=== What the task asks ===
Print out all the records, word for word.

=== Stored data entries ===
-.-.-

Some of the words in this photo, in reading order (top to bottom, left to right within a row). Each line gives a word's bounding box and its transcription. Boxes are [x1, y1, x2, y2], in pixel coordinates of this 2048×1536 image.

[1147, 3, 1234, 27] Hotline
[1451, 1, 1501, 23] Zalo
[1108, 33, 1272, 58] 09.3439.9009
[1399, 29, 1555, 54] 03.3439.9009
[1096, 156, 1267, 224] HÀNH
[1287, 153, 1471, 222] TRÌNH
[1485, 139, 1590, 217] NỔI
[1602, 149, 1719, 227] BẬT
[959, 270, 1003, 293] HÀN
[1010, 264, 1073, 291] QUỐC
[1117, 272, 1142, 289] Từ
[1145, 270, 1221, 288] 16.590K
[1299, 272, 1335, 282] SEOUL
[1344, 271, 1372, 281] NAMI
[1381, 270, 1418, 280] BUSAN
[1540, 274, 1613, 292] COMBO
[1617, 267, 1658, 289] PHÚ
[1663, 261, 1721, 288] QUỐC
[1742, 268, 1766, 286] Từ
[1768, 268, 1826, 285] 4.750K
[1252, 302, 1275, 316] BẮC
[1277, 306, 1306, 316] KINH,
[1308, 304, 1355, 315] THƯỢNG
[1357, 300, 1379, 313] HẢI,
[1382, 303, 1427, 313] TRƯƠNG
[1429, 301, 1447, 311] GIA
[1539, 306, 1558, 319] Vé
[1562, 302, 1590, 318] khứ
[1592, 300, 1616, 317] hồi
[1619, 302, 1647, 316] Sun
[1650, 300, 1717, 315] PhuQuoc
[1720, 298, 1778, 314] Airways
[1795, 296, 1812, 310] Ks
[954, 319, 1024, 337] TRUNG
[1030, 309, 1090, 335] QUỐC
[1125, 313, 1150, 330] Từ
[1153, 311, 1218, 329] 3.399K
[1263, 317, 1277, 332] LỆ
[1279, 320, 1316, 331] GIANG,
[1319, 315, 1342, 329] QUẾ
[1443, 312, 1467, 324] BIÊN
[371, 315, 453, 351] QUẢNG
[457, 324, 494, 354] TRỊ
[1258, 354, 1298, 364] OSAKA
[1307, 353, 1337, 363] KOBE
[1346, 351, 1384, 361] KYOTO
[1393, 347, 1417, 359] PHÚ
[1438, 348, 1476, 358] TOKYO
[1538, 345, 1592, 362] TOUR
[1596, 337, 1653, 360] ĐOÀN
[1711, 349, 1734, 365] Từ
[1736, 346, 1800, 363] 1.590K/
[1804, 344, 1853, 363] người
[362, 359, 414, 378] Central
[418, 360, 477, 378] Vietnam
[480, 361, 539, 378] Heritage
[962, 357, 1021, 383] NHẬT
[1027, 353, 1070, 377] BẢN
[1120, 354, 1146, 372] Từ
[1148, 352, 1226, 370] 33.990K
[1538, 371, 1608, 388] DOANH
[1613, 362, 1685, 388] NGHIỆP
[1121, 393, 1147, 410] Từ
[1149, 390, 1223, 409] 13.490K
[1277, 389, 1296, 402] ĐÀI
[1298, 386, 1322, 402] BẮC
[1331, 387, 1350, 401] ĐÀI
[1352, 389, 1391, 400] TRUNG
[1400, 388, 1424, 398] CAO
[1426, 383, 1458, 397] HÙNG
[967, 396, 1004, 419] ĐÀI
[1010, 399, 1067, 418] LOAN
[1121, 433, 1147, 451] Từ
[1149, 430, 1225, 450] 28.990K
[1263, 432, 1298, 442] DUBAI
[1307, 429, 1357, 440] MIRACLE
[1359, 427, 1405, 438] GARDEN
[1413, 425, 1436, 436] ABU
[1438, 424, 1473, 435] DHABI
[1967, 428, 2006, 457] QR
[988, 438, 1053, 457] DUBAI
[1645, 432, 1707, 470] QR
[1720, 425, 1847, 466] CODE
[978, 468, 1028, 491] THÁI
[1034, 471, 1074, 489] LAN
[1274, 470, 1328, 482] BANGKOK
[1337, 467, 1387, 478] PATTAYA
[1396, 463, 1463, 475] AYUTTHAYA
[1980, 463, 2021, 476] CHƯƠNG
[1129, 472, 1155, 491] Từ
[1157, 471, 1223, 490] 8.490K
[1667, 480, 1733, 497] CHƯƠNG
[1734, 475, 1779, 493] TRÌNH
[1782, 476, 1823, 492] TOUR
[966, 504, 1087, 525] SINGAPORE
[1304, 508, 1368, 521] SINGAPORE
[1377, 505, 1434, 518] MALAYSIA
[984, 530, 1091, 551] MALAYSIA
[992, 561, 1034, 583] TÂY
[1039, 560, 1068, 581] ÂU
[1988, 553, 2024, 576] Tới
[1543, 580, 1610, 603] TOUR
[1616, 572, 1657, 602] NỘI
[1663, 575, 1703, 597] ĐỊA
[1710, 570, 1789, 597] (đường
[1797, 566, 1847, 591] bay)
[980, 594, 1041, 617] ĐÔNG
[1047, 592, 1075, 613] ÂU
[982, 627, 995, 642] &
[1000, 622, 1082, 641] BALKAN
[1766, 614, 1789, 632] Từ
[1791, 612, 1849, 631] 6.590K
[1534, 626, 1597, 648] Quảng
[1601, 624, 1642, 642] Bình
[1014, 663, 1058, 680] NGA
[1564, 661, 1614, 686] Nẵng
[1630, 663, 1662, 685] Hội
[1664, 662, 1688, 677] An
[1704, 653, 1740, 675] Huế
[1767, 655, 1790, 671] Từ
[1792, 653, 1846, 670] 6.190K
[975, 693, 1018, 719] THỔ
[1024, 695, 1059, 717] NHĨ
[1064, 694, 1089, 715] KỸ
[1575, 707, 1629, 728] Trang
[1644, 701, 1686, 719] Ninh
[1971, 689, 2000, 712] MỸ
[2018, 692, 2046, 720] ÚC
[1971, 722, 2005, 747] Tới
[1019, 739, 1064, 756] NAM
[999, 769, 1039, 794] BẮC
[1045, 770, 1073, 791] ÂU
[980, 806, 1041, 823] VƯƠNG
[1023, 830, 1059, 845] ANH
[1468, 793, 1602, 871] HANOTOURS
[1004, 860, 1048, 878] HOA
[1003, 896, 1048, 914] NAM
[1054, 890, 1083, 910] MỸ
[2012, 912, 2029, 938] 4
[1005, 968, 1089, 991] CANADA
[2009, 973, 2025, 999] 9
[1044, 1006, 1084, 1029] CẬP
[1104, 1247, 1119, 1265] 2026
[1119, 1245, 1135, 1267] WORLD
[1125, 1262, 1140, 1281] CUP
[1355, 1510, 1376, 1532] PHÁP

-.-.-

=== Result ===
Some of the words in this photo, in reading order (top to bottom, left to right within a row). Each line gives a word's bounding box and its transcription. Boxes are [x1, y1, x2, y2], in pixel coordinates of this 2048×1536 image.

[1147, 3, 1234, 27] Hotline
[1451, 1, 1501, 23] Zalo
[1108, 33, 1272, 58] 09.3439.9009
[1399, 29, 1555, 54] 03.3439.9009
[1096, 156, 1267, 224] HÀNH
[1287, 153, 1471, 222] TRÌNH
[1485, 139, 1590, 217] NỔI
[1602, 149, 1719, 227] BẬT
[959, 270, 1003, 293] HÀN
[1010, 264, 1073, 291] QUỐC
[1117, 272, 1142, 289] Từ
[1145, 270, 1221, 288] 16.590K
[1299, 272, 1335, 282] SEOUL
[1344, 271, 1372, 281] NAMI
[1381, 270, 1418, 280] BUSAN
[1540, 274, 1613, 292] COMBO
[1617, 267, 1658, 289] PHÚ
[1663, 261, 1721, 288] QUỐC
[1742, 268, 1766, 286] Từ
[1768, 268, 1826, 285] 4.750K
[1252, 302, 1275, 316] BẮC
[1277, 306, 1306, 316] KINH,
[1308, 304, 1355, 315] THƯỢNG
[1357, 300, 1379, 313] HẢI,
[1382, 303, 1427, 313] TRƯƠNG
[1429, 301, 1447, 311] GIA
[1539, 306, 1558, 319] Vé
[1562, 302, 1590, 318] khứ
[1592, 300, 1616, 317] hồi
[1619, 302, 1647, 316] Sun
[1650, 300, 1717, 315] PhuQuoc
[1720, 298, 1778, 314] Airways
[1795, 296, 1812, 310] Ks
[954, 319, 1024, 337] TRUNG
[1030, 309, 1090, 335] QUỐC
[1125, 313, 1150, 330] Từ
[1153, 311, 1218, 329] 3.399K
[1263, 317, 1277, 332] LỆ
[1279, 320, 1316, 331] GIANG,
[1319, 315, 1342, 329] QUẾ
[1443, 312, 1467, 324] BIÊN
[371, 315, 453, 351] QUẢNG
[457, 324, 494, 354] TRỊ
[1258, 354, 1298, 364] OSAKA
[1307, 353, 1337, 363] KOBE
[1346, 351, 1384, 361] KYOTO
[1393, 347, 1417, 359] PHÚ
[1438, 348, 1476, 358] TOKYO
[1538, 345, 1592, 362] TOUR
[1596, 337, 1653, 360] ĐOÀN
[1711, 349, 1734, 365] Từ
[1736, 346, 1800, 363] 1.590K/
[1804, 344, 1853, 363] người
[362, 359, 414, 378] Central
[418, 360, 477, 378] Vietnam
[480, 361, 539, 378] Heritage
[962, 357, 1021, 383] NHẬT
[1027, 353, 1070, 377] BẢN
[1120, 354, 1146, 372] Từ
[1148, 352, 1226, 370] 33.990K
[1538, 371, 1608, 388] DOANH
[1613, 362, 1685, 388] NGHIỆP
[1121, 393, 1147, 410] Từ
[1149, 390, 1223, 409] 13.490K
[1277, 389, 1296, 402] ĐÀI
[1298, 386, 1322, 402] BẮC
[1331, 387, 1350, 401] ĐÀI
[1352, 389, 1391, 400] TRUNG
[1400, 388, 1424, 398] CAO
[1426, 383, 1458, 397] HÙNG
[967, 396, 1004, 419] ĐÀI
[1010, 399, 1067, 418] LOAN
[1121, 433, 1147, 451] Từ
[1149, 430, 1225, 450] 28.990K
[1263, 432, 1298, 442] DUBAI
[1307, 429, 1357, 440] MIRACLE
[1359, 427, 1405, 438] GARDEN
[1413, 425, 1436, 436] ABU
[1438, 424, 1473, 435] DHABI
[1967, 428, 2006, 457] QR
[988, 438, 1053, 457] DUBAI
[1645, 432, 1707, 470] QR
[1720, 425, 1847, 466] CODE
[978, 468, 1028, 491] THÁI
[1034, 471, 1074, 489] LAN
[1274, 470, 1328, 482] BANGKOK
[1337, 467, 1387, 478] PATTAYA
[1396, 463, 1463, 475] AYUTTHAYA
[1980, 463, 2021, 476] CHƯƠNG
[1129, 472, 1155, 491] Từ
[1157, 471, 1223, 490] 8.490K
[1667, 480, 1733, 497] CHƯƠNG
[1734, 475, 1779, 493] TRÌNH
[1782, 476, 1823, 492] TOUR
[966, 504, 1087, 525] SINGAPORE
[1304, 508, 1368, 521] SINGAPORE
[1377, 505, 1434, 518] MALAYSIA
[984, 530, 1091, 551] MALAYSIA
[992, 561, 1034, 583] TÂY
[1039, 560, 1068, 581] ÂU
[1988, 553, 2024, 576] Tới
[1543, 580, 1610, 603] TOUR
[1616, 572, 1657, 602] NỘI
[1663, 575, 1703, 597] ĐỊA
[1710, 570, 1789, 597] (đường
[1797, 566, 1847, 591] bay)
[980, 594, 1041, 617] ĐÔNG
[1047, 592, 1075, 613] ÂU
[982, 627, 995, 642] &
[1000, 622, 1082, 641] BALKAN
[1766, 614, 1789, 632] Từ
[1791, 612, 1849, 631] 6.590K
[1534, 626, 1597, 648] Quảng
[1601, 624, 1642, 642] Bình
[1014, 663, 1058, 680] NGA
[1564, 661, 1614, 686] Nẵng
[1630, 663, 1662, 685] Hội
[1664, 662, 1688, 677] An
[1704, 653, 1740, 675] Huế
[1767, 655, 1790, 671] Từ
[1792, 653, 1846, 670] 6.190K
[975, 693, 1018, 719] THỔ
[1024, 695, 1059, 717] NHĨ
[1064, 694, 1089, 715] KỸ
[1575, 707, 1629, 728] Trang
[1644, 701, 1686, 719] Ninh
[1971, 689, 2000, 712] MỸ
[2018, 692, 2046, 720] ÚC
[1971, 722, 2005, 747] Tới
[1019, 739, 1064, 756] NAM
[999, 769, 1039, 794] BẮC
[1045, 770, 1073, 791] ÂU
[980, 806, 1041, 823] VƯƠNG
[1023, 830, 1059, 845] ANH
[1468, 793, 1602, 871] HANOTOURS
[1004, 860, 1048, 878] HOA
[1003, 896, 1048, 914] NAM
[1054, 890, 1083, 910] MỸ
[2012, 912, 2029, 938] 4
[1005, 968, 1089, 991] CANADA
[2009, 973, 2025, 999] 9
[1044, 1006, 1084, 1029] CẬP
[1104, 1247, 1119, 1265] 2026
[1119, 1245, 1135, 1267] WORLD
[1125, 1262, 1140, 1281] CUP
[1355, 1510, 1376, 1532] PHÁP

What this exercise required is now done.